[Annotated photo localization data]
---+---

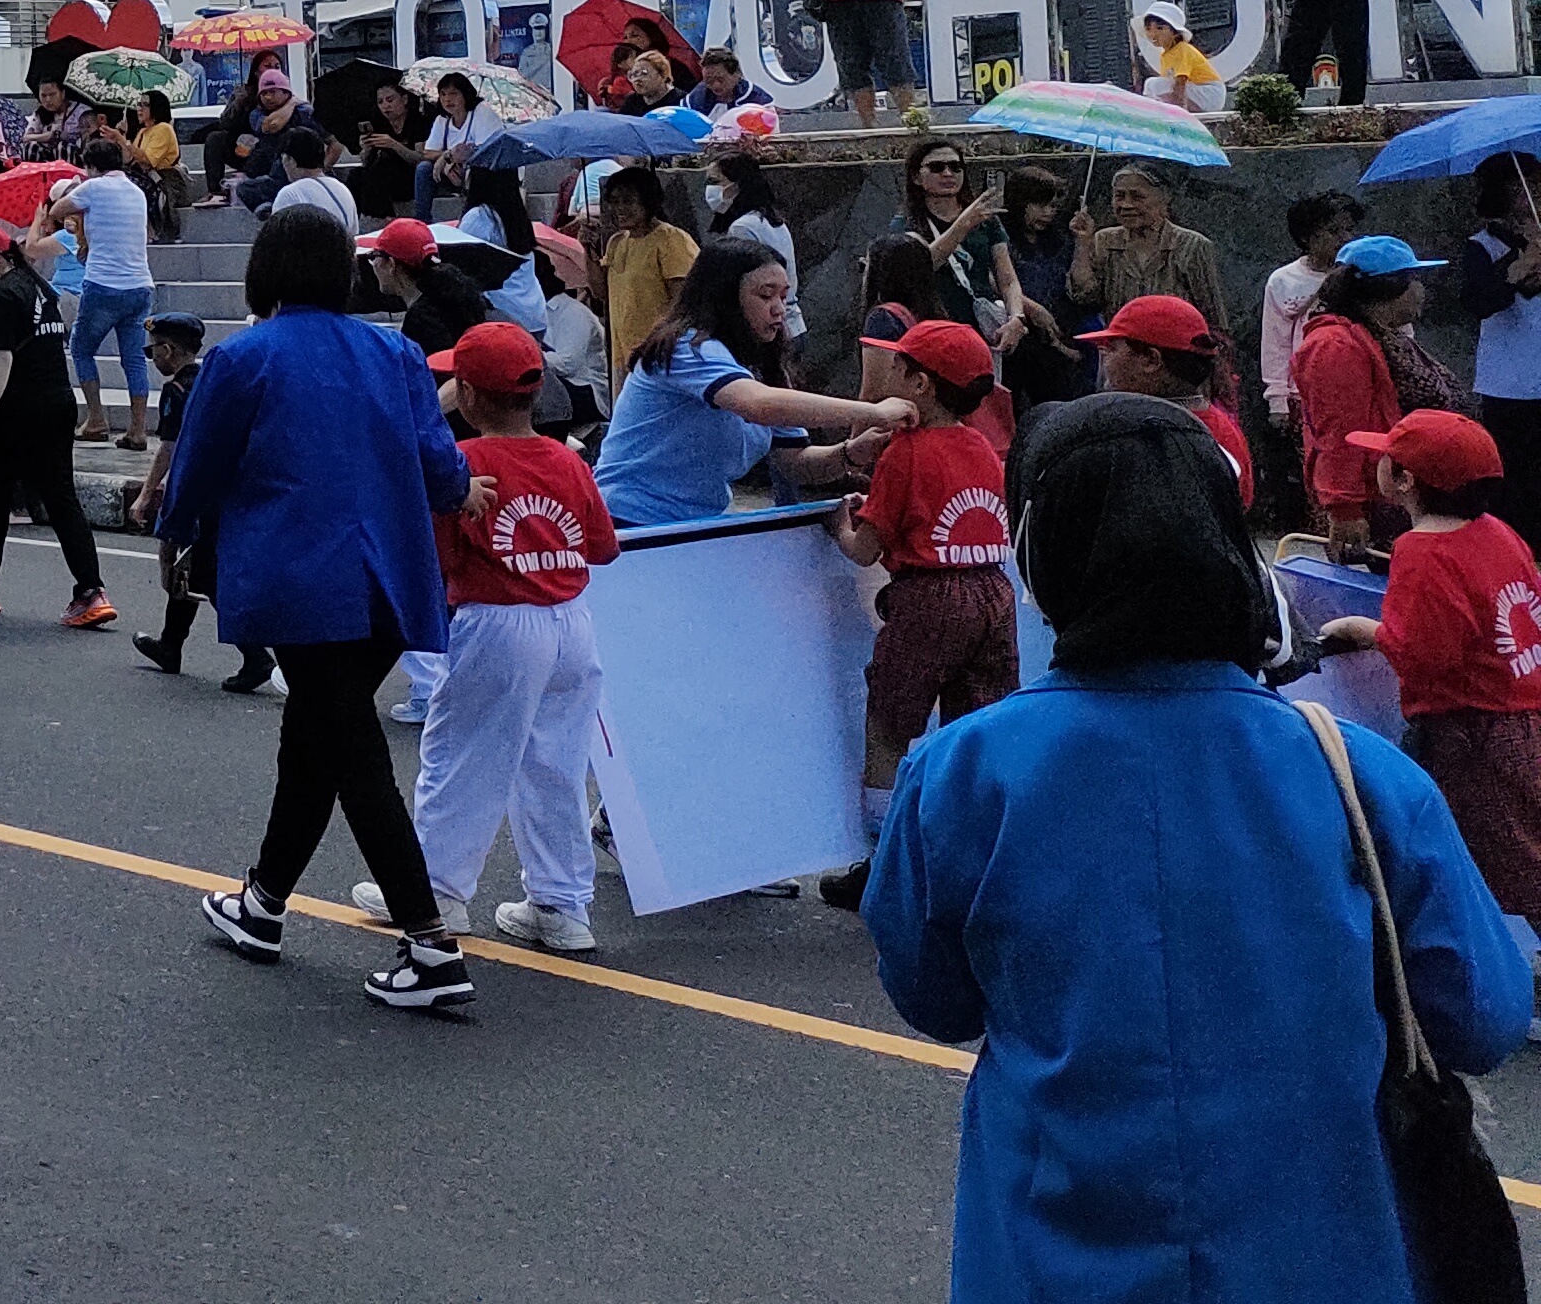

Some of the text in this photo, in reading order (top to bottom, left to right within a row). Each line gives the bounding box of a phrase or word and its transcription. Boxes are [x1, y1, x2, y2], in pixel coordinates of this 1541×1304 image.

[494, 495, 530, 536] KATOLIK
[527, 493, 564, 523] SANTA
[492, 535, 514, 551] SD
[930, 525, 950, 542] SD

---+---

About this task:
Omit the pictures. Output every record above word for word.

Task result:
Some of the text in this photo, in reading order (top to bottom, left to right within a row). Each line gives the bounding box of a phrase or word and its transcription. Boxes are [x1, y1, x2, y2], in pixel coordinates of this 1541×1304 image.

[494, 495, 530, 536] KATOLIK
[527, 493, 564, 523] SANTA
[492, 535, 514, 551] SD
[930, 525, 950, 542] SD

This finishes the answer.